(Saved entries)
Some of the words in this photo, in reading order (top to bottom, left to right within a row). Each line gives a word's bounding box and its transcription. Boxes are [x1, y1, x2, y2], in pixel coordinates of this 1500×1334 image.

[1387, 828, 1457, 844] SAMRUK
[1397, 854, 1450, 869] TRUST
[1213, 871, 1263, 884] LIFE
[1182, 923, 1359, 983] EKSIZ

**What you will do**
Retype the records above exactly.

**Response**
Some of the words in this photo, in reading order (top to bottom, left to right within a row). Each line gives a word's bounding box and its transcription. Boxes are [x1, y1, x2, y2], in pixel coordinates of this 1500×1334 image.

[1387, 828, 1457, 844] SAMRUK
[1397, 854, 1450, 869] TRUST
[1213, 871, 1263, 884] LIFE
[1182, 923, 1359, 983] EKSIZ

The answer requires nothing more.